» **INSTRUCTIONS FOR THE TASK**: Give back the whole listing exactly as written, leaving out each picture.

» **RECORDS SUPPLIED**:
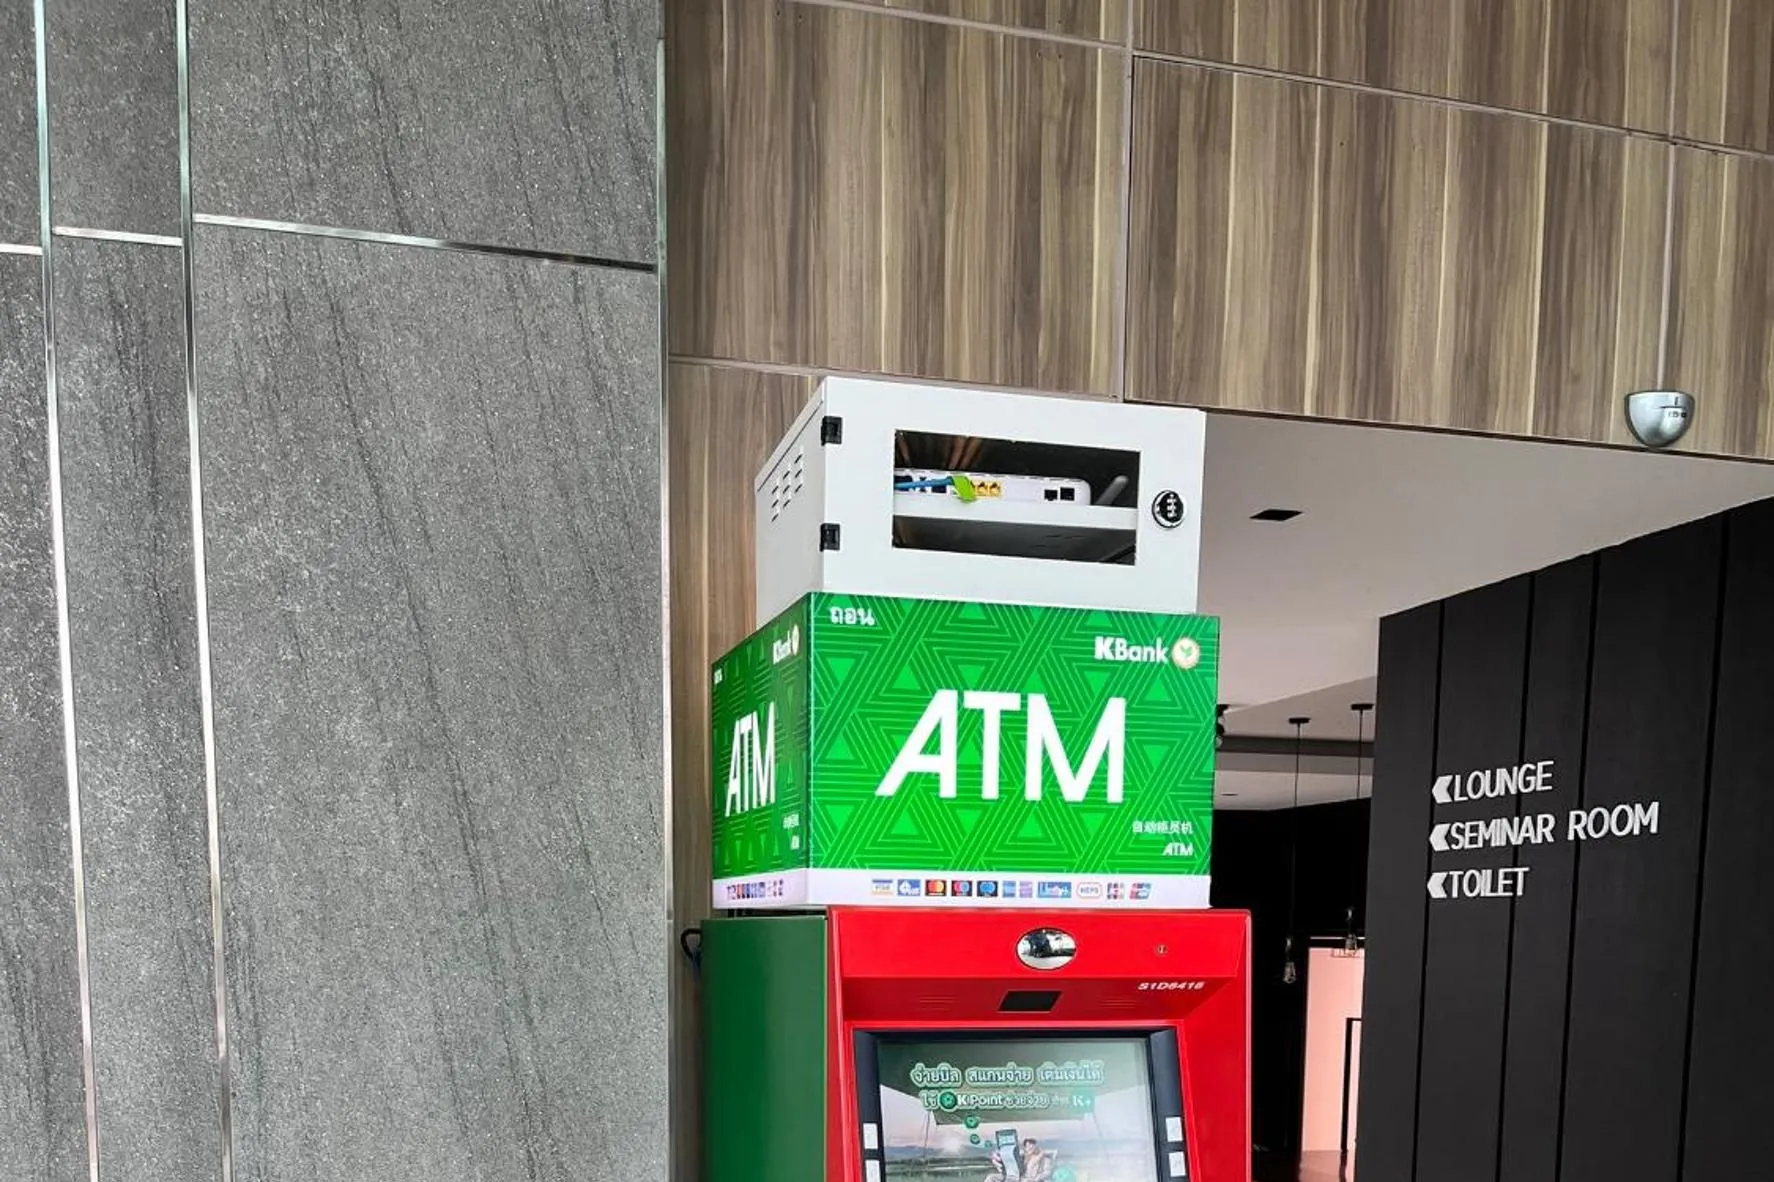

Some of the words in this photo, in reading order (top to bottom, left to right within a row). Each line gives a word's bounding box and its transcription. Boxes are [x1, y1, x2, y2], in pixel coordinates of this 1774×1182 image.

[831, 606, 875, 626] ถอน
[1094, 635, 1168, 664] KBank
[725, 701, 776, 817] ATM
[874, 688, 1127, 803] ATM
[1452, 761, 1554, 801] LOUNGE
[1450, 814, 1556, 850] SEMINAR
[1567, 802, 1660, 842] ROOM
[1162, 842, 1194, 856] ATM
[1449, 867, 1530, 898] TOILET
[970, 1093, 1003, 1107] Point
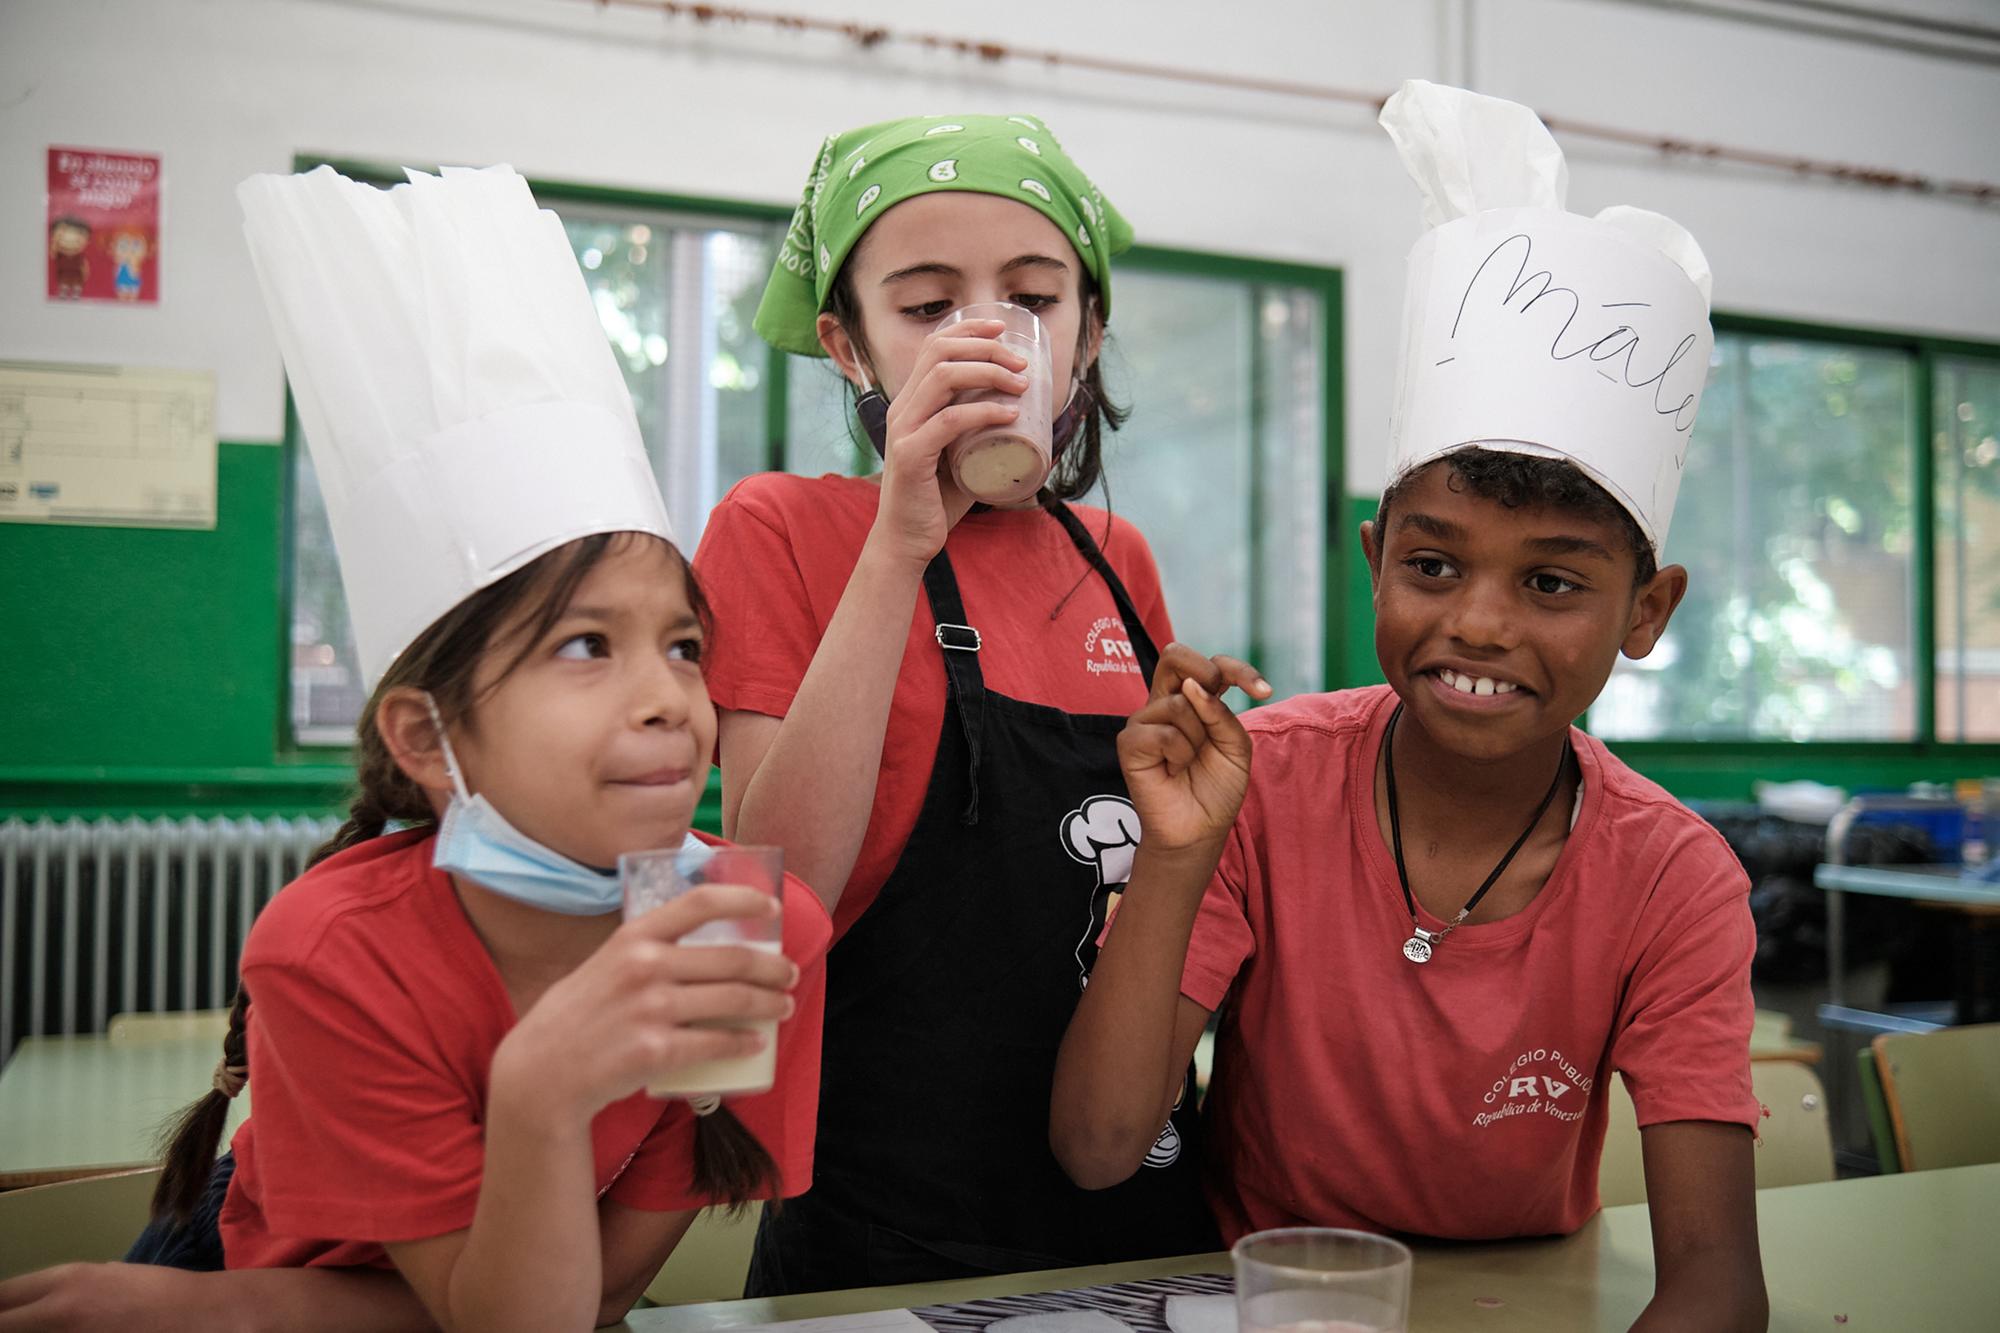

» **YOUR SOLUTION**:
Some of the words in this photo, in reading order (top to bottom, left to right within a row). Each line gives a word's bounding box and its transcription. Boxes are [x1, y1, x2, y2], in pixel coordinates of this 1774×1182 image.

[831, 606, 875, 626] ถอน
[1094, 635, 1168, 664] KBank
[725, 701, 776, 817] ATM
[874, 688, 1127, 803] ATM
[1452, 761, 1554, 801] LOUNGE
[1450, 814, 1556, 850] SEMINAR
[1567, 802, 1660, 842] ROOM
[1162, 842, 1194, 856] ATM
[1449, 867, 1530, 898] TOILET
[970, 1093, 1003, 1107] Point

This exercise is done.